**TRY IT:**
Type out every line below exactly as it reads.

**RECORDS FOR THIS EXERCISE:**
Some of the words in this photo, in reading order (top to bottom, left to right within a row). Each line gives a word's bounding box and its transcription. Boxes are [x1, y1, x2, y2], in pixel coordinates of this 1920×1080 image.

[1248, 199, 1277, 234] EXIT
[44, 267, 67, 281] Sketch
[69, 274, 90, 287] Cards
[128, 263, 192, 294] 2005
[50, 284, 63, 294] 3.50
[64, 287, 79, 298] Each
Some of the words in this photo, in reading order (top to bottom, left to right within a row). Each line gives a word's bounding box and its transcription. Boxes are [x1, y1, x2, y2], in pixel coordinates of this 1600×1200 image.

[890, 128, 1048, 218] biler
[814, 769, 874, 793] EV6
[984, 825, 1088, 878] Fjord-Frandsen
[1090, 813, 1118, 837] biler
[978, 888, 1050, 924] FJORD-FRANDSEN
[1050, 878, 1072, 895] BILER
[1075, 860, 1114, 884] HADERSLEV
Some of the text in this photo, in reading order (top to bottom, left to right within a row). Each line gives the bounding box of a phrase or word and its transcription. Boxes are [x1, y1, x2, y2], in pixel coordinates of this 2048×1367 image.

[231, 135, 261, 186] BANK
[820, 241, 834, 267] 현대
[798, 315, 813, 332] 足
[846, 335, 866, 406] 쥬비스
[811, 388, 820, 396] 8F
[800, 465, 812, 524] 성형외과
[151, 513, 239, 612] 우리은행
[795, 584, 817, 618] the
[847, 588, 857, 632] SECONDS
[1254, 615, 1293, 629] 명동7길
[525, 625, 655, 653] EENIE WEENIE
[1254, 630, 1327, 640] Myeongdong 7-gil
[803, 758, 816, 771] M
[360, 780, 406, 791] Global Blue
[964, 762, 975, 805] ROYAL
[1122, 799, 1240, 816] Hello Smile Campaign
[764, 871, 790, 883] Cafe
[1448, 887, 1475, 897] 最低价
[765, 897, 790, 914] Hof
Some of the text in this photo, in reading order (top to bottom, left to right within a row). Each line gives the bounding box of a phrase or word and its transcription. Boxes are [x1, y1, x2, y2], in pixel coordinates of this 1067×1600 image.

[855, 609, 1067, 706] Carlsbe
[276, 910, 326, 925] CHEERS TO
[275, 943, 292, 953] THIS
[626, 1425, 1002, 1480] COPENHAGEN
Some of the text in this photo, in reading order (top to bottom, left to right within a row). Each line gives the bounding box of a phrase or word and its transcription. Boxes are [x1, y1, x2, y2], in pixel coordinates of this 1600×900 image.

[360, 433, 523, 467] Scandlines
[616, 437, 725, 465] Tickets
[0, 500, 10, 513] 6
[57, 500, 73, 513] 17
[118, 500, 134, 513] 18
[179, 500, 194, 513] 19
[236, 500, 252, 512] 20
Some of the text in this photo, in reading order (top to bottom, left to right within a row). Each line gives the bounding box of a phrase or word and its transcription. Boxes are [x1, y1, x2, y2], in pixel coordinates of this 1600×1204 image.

**SOLUTION:**
Some of the words in this photo, in reading order (top to bottom, left to right within a row). Each line gives a word's bounding box and its transcription. Boxes are [x1, y1, x2, y2], in pixel coordinates of this 1920×1080 image.

[1248, 199, 1277, 234] EXIT
[44, 267, 67, 281] Sketch
[69, 274, 90, 287] Cards
[128, 263, 192, 294] 2005
[50, 284, 63, 294] 3.50
[64, 287, 79, 298] Each
Some of the words in this photo, in reading order (top to bottom, left to right within a row). Each line gives a word's bounding box and its transcription. Boxes are [x1, y1, x2, y2], in pixel coordinates of this 1600×1200 image.

[890, 128, 1048, 218] biler
[814, 769, 874, 793] EV6
[984, 825, 1088, 878] Fjord-Frandsen
[1090, 813, 1118, 837] biler
[978, 888, 1050, 924] FJORD-FRANDSEN
[1050, 878, 1072, 895] BILER
[1075, 860, 1114, 884] HADERSLEV
Some of the text in this photo, in reading order (top to bottom, left to right within a row). Each line gives the bounding box of a phrase or word and its transcription. Boxes are [x1, y1, x2, y2], in pixel coordinates of this 2048×1367 image.

[231, 135, 261, 186] BANK
[820, 241, 834, 267] 현대
[798, 315, 813, 332] 足
[846, 335, 866, 406] 쥬비스
[811, 388, 820, 396] 8F
[800, 465, 812, 524] 성형외과
[151, 513, 239, 612] 우리은행
[795, 584, 817, 618] the
[847, 588, 857, 632] SECONDS
[1254, 615, 1293, 629] 명동7길
[525, 625, 655, 653] EENIE WEENIE
[1254, 630, 1327, 640] Myeongdong 7-gil
[803, 758, 816, 771] M
[360, 780, 406, 791] Global Blue
[964, 762, 975, 805] ROYAL
[1122, 799, 1240, 816] Hello Smile Campaign
[764, 871, 790, 883] Cafe
[1448, 887, 1475, 897] 最低价
[765, 897, 790, 914] Hof
Some of the text in this photo, in reading order (top to bottom, left to right within a row). Each line gives the bounding box of a phrase or word and its transcription. Boxes are [x1, y1, x2, y2], in pixel coordinates of this 1067×1600 image.

[855, 609, 1067, 706] Carlsbe
[276, 910, 326, 925] CHEERS TO
[275, 943, 292, 953] THIS
[626, 1425, 1002, 1480] COPENHAGEN
Some of the text in this photo, in reading order (top to bottom, left to right within a row). Each line gives the bounding box of a phrase or word and its transcription. Boxes are [x1, y1, x2, y2], in pixel coordinates of this 1600×900 image.

[360, 433, 523, 467] Scandlines
[616, 437, 725, 465] Tickets
[0, 500, 10, 513] 6
[57, 500, 73, 513] 17
[118, 500, 134, 513] 18
[179, 500, 194, 513] 19
[236, 500, 252, 512] 20
Some of the text in this photo, in reading order (top to bottom, left to right within a row). Each line gives the bounding box of a phrase or word and its transcription. Boxes are [x1, y1, x2, y2], in pixel coordinates of this 1600×1204 image.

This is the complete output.